Sayyed Hassan Nasrallah made the remarks in a Monday speech after Israel's Knesset approved a key part of the hugely unpopular plan that is spearheaded by the regime's Prime Minister Benjamin Netanyahu.
“Today, as some people say, has been the worst day in the history of the Zionist regime," Nasrallah said, adding, "This is what puts it on the path of collapse, fragmentation, and disappearance, God willing."
He noted that since 2000, when the resistance front defeated Israel for the second time after its first defeat in 1985, the notion of the regime’s invincibility started to change in the Arab world.
“Therefore, [Israeli] settlers have been facing a cascade of crises [since that time] and today, we see that it is on the path toward collapse,” Nasrallah said.
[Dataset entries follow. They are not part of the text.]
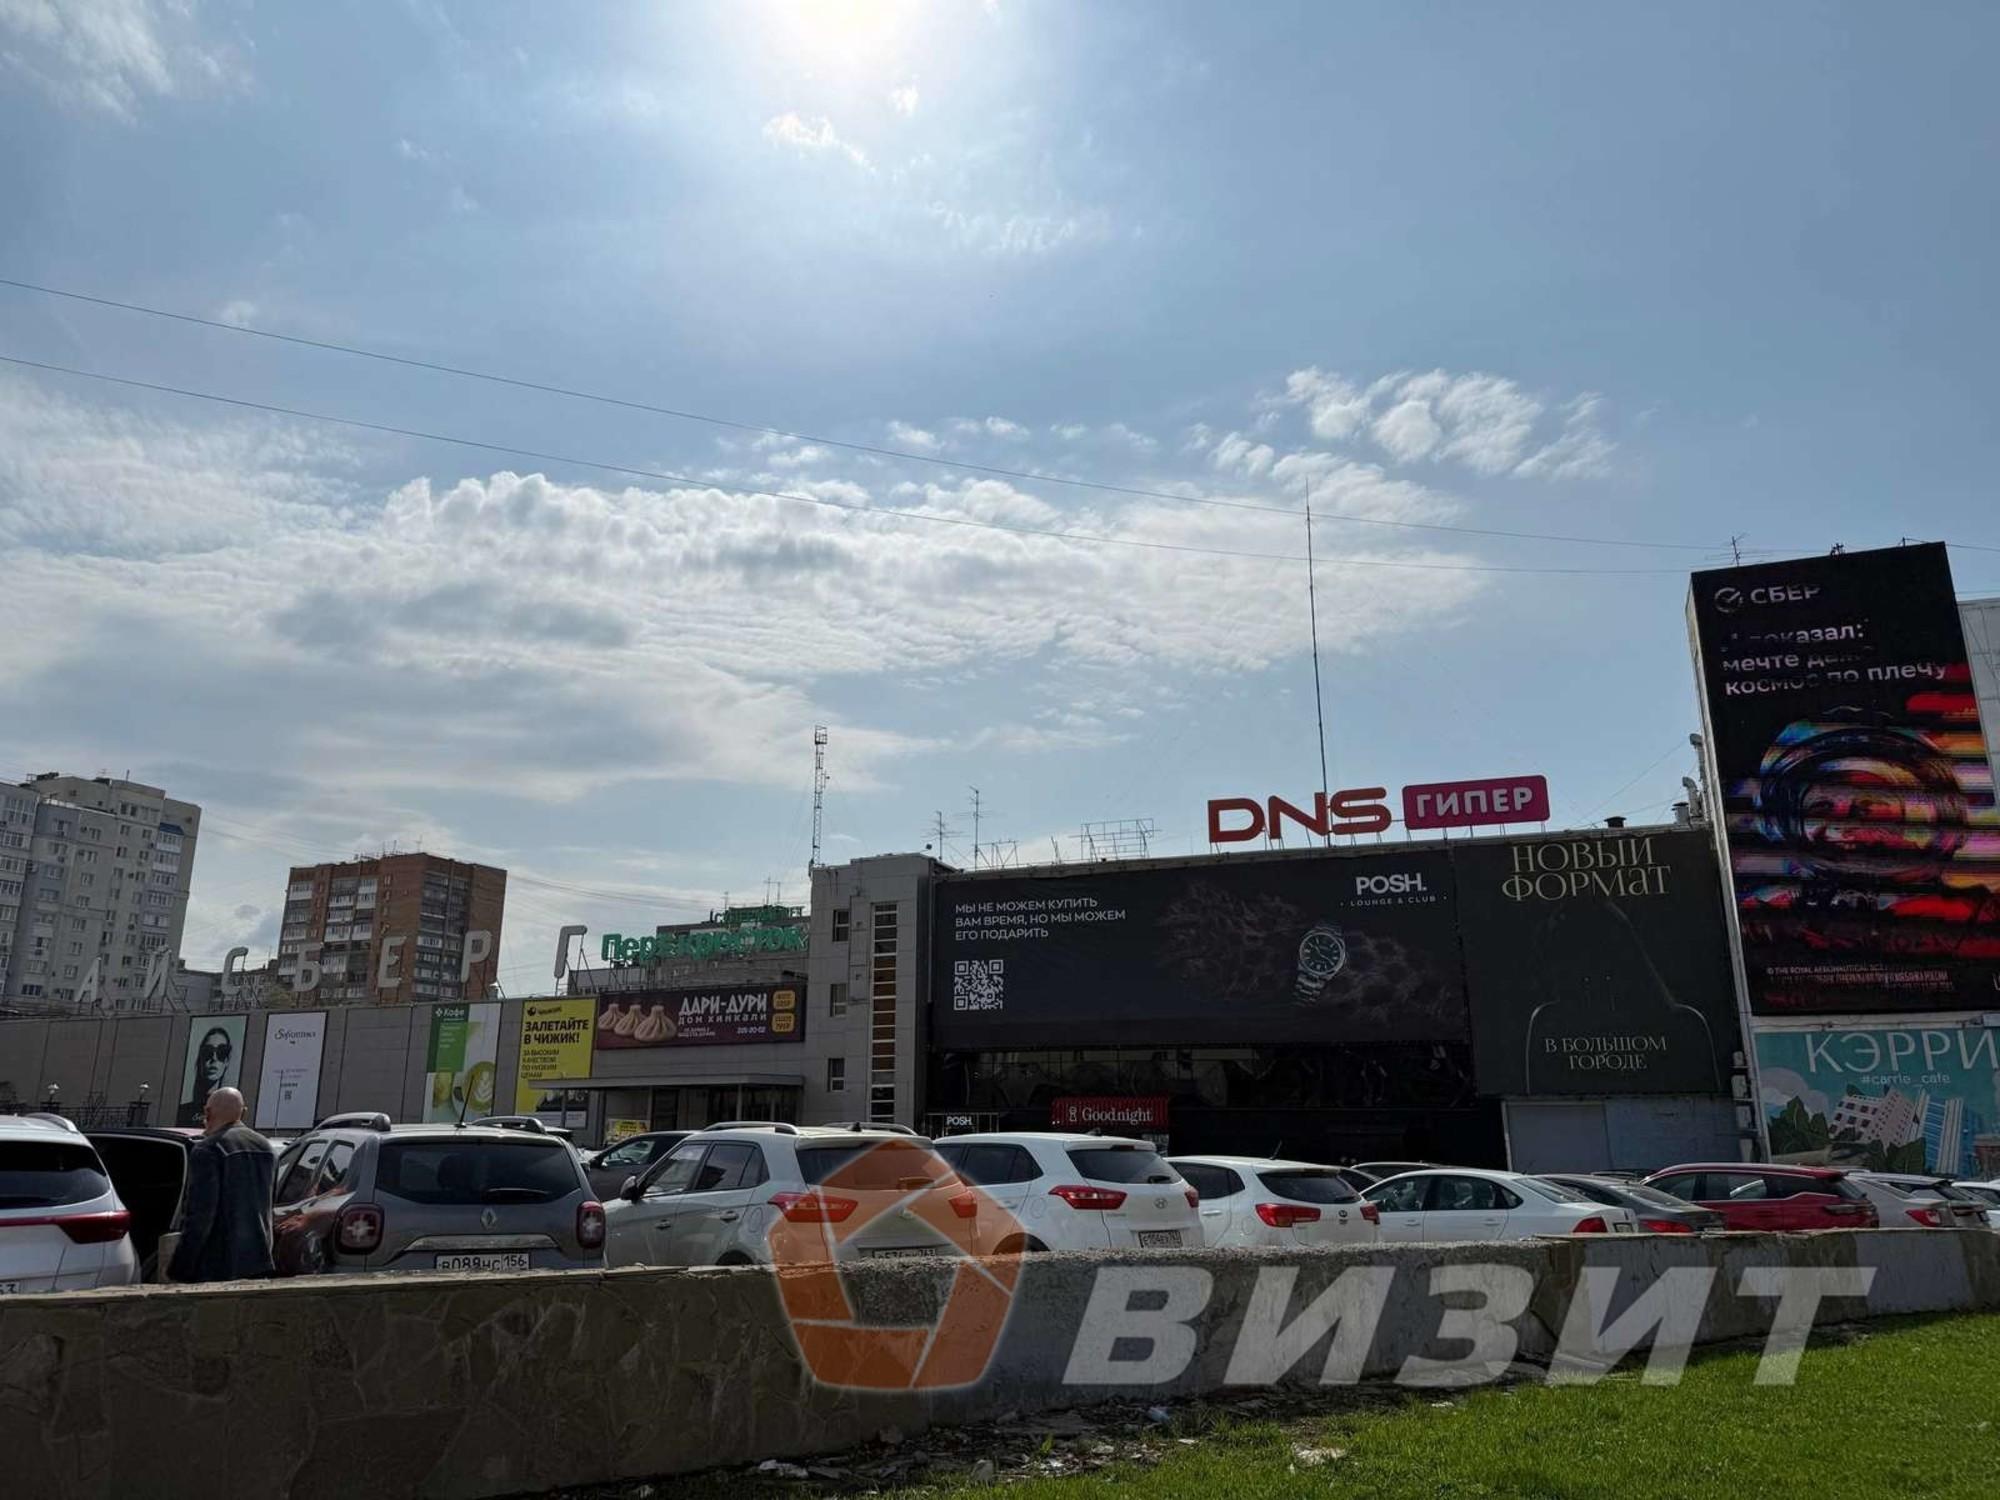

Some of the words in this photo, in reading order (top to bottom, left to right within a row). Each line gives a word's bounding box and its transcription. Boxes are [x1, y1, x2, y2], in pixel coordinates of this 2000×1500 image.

[1750, 584, 1820, 604] СБЕР
[1723, 653, 1799, 672] мечте
[1867, 661, 1948, 681] плечу
[1416, 787, 1533, 818] ГИПЕР
[1208, 787, 1392, 842] DNS
[1511, 833, 1655, 872] НОВЫЙ
[955, 904, 976, 914] МЫ
[978, 902, 994, 912] НЕ
[996, 900, 1045, 911] МОЖЕМ
[1048, 898, 1098, 909] КУПИТЬ
[1350, 898, 1392, 907] LOUNGE
[1407, 895, 1436, 904] CLUB
[955, 917, 981, 927] ВАМ
[983, 914, 1028, 926] ВРЕМЯ,
[1030, 913, 1048, 924] НО
[1051, 913, 1070, 923] МЫ
[1074, 910, 1126, 921] МОЖЕМ
[955, 930, 978, 941] ЕГО
[980, 928, 1049, 940] ПОДАРИТЬ
[77, 925, 586, 1002] АЙСБЕРГ
[678, 993, 767, 1016] ДАРИ-ДУРИ
[525, 1017, 589, 1031] ЗАЛЕТАЙТЕ
[524, 1034, 531, 1044] В
[534, 1032, 580, 1044] ЧИЖИК!
[1545, 1038, 1557, 1052] В
[1561, 1036, 1667, 1052] БОЛЬШОМ
[1805, 1029, 2000, 1073] КЭРРИ
[1569, 1053, 1648, 1071] ГОРОДЕ
[1081, 1107, 1153, 1126] Goodnight
[503, 1254, 525, 1267] 156
The bill approved by the Israeli lawmakers prevents the regime’s Supreme Court from striking down the extremist cabinet’s decisions if it deemed them to be “unreasonable.” It is part of a broader scheme that Netanyahu announced in January as means of supposedly curbing what he called decades of undue political interference by judges.
His opponents, however, say the so-called reforms would hand over unbridled powers to the politicians. They also accuse Netanyahu, who is on trial on several counts of corruption charges, of trying to use the scheme to quash possible judgments against him.
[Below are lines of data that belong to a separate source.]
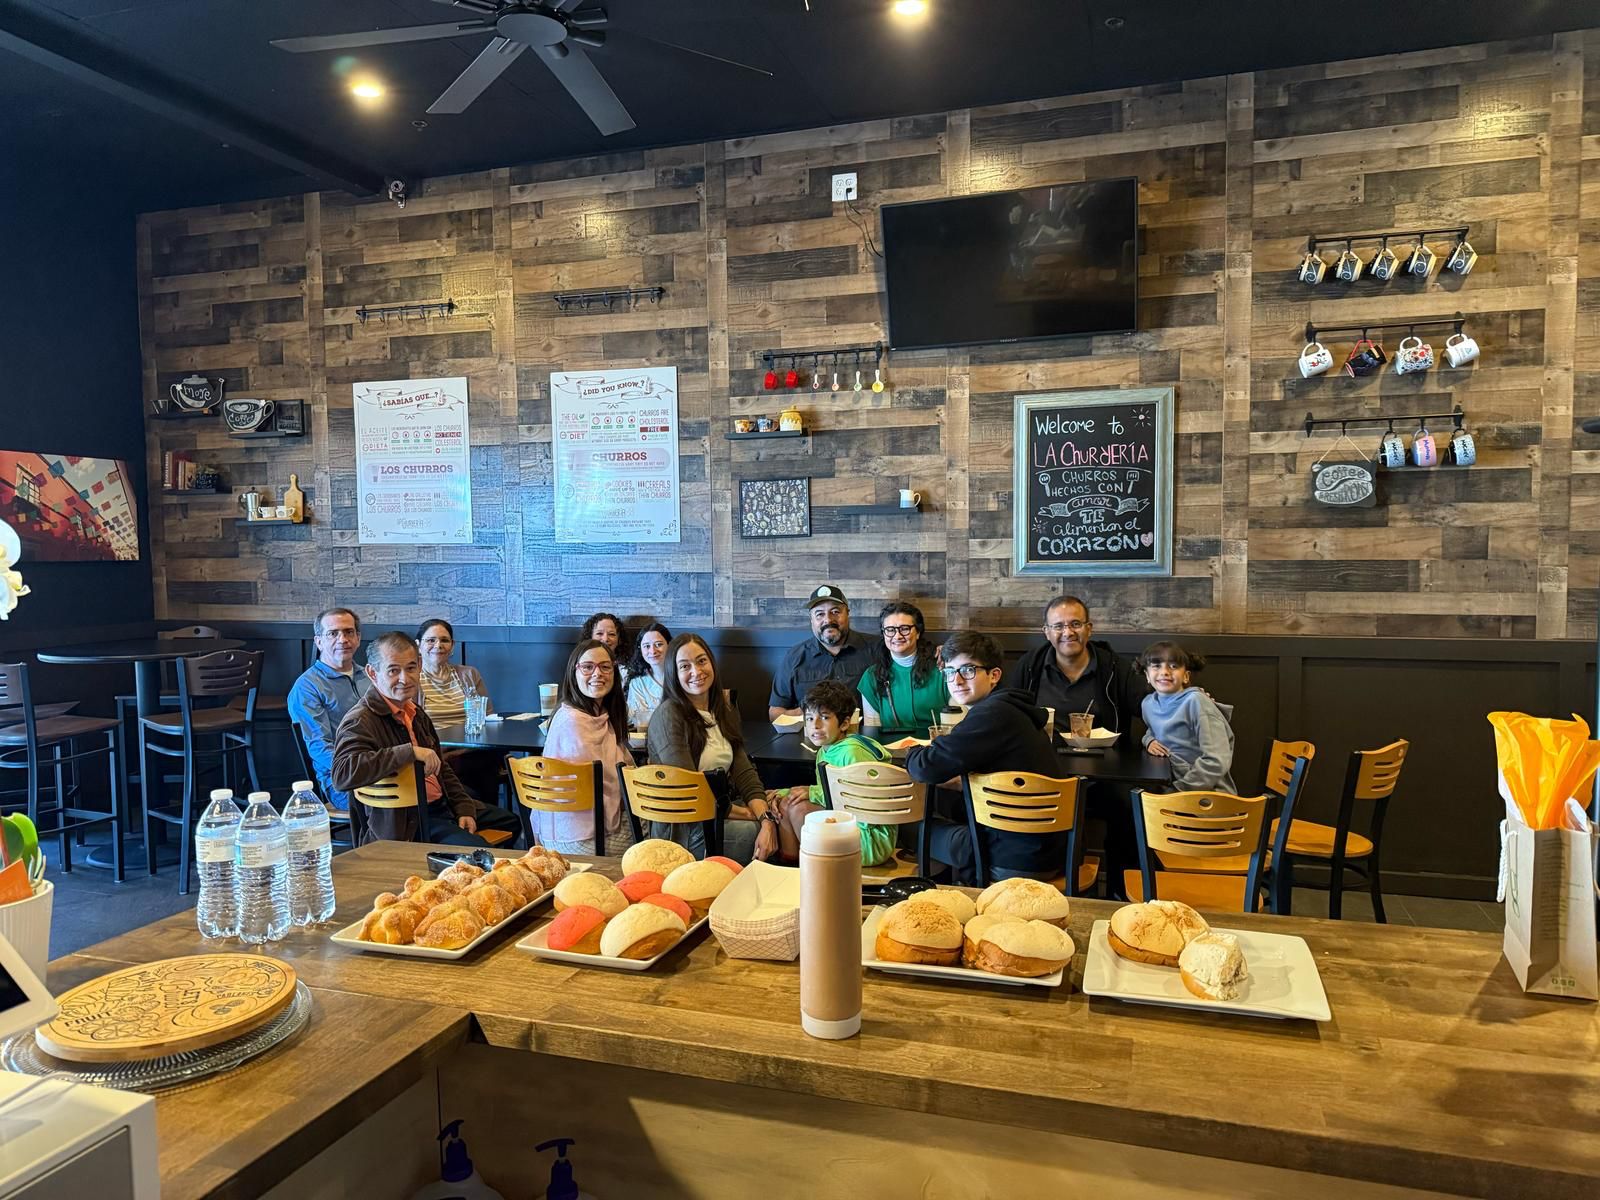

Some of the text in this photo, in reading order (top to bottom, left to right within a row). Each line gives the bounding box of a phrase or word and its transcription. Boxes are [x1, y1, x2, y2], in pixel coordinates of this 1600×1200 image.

[583, 388, 600, 396] ¿DID
[601, 385, 615, 393] YOU
[382, 396, 414, 407] ¿SABÍAS
[1035, 413, 1125, 436] Welcome to
[369, 442, 388, 450] DIETA
[592, 451, 648, 462] CHURROS
[1034, 441, 1057, 468] LA
[380, 464, 454, 475] LOS CHURROS
[1062, 470, 1117, 484] CHURROS
[644, 480, 671, 489] CEREALS
[1051, 482, 1124, 497] HECHOS CON
[650, 491, 672, 499] CHURROS
[377, 504, 401, 514] CHURROS
[1079, 509, 1105, 524] TE
[1124, 517, 1142, 530] el
[1037, 532, 1140, 556] CORAZÓN
The crisis resulting from the Israeli cabinet’s effort to have the Knesset ratify the scheme has prompted weekly protests across the occupied territories, which have in many cases turned violent.
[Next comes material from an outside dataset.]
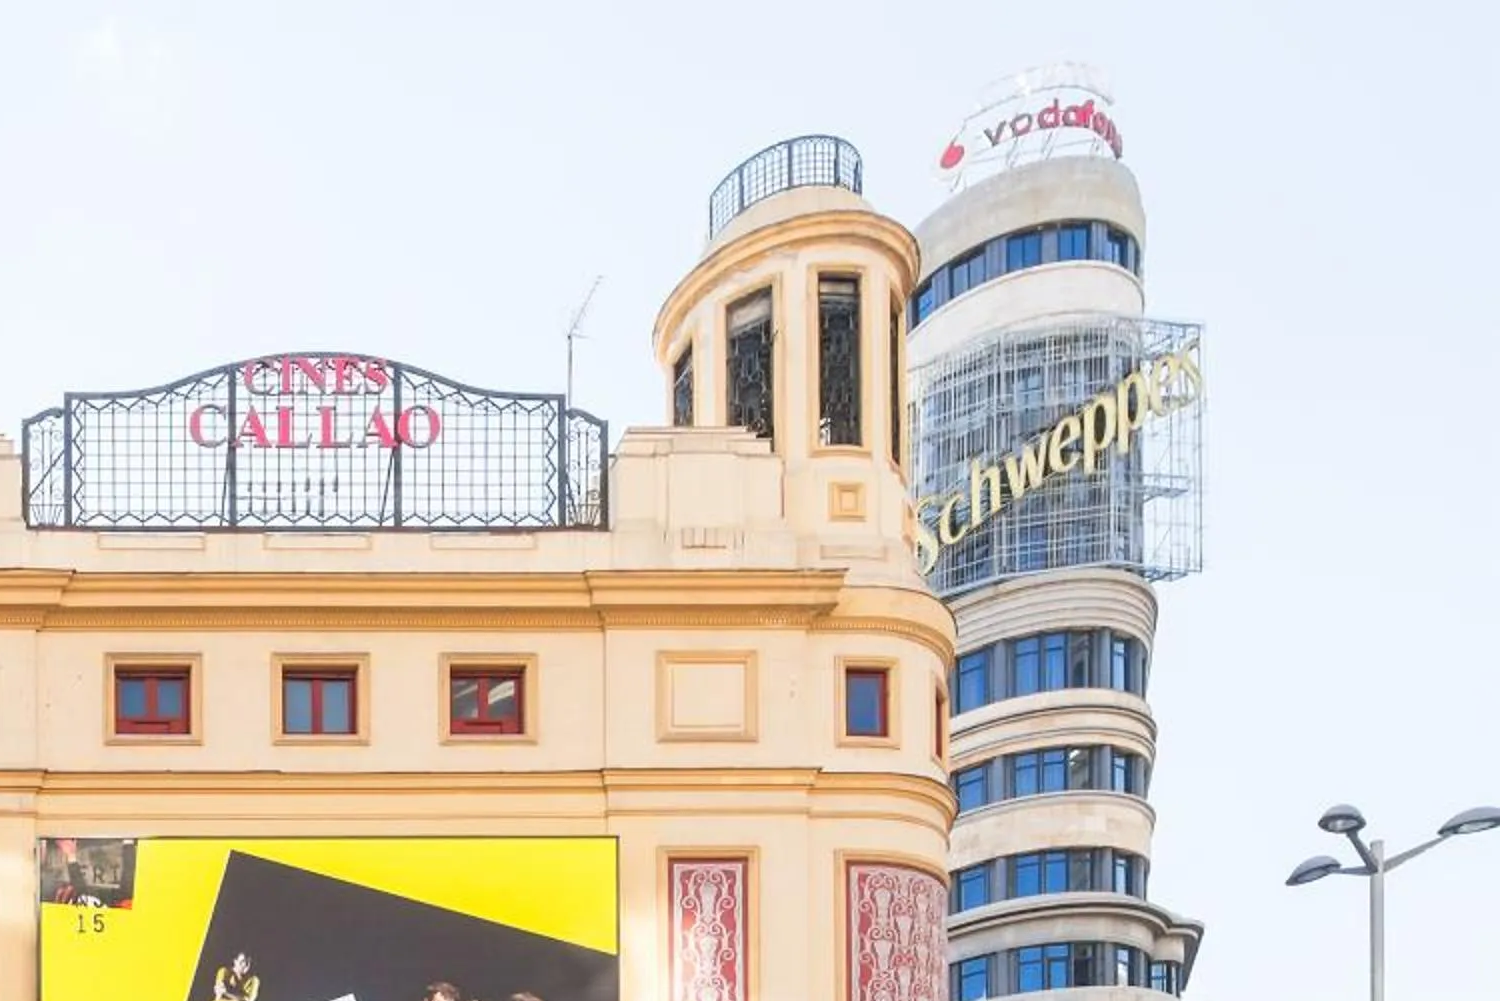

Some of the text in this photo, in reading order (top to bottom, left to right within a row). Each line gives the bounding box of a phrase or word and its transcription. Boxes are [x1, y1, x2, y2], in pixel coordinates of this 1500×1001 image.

On Monday, the rallies raged on as the Knesset was debating the changes. Footage emerging from the demonstrations showed the regime's forces dragging away protesters who had chained themselves to posts in the occupied city of al-Quds and blocked the road outside the Knesset.
The crisis has also affected the regime’s military, where thousands of volunteer reservists have vowed not to report for duty if the cabinet continued with the plan. This has prompted warnings by some current and former military officials that Israel's war readiness could be at risk.
On Thursday, the former head of Israel's so-called internal security service, Shin Bet, warned that the occupied territories are on the brink of “civil war” as Netanyahu’s extremist cabinet presses ahead with its radical and destructive policies.
Nadav Argaman raised the alarm as he expressed support for the Israeli military reservists who threatened to stop showing up for duty.
Describing Netanyahu’s overhaul scheme as a “regime coup,” Argaman said, “I am certain that if the legislation passes, there will be those who say, ‘We will not be part of the security force of a dictatorship.’ We’ll see people leaving; we’ll see a fraying.”
Pointing to the months-long protests against the so-called overhaul plan in the occupied territories, Argaman added, “Any legislation that does not have a broad consensus will lead…Israel to chaos… I am fearful for…Israel. I greatly fear that we are on the brink of civil war.”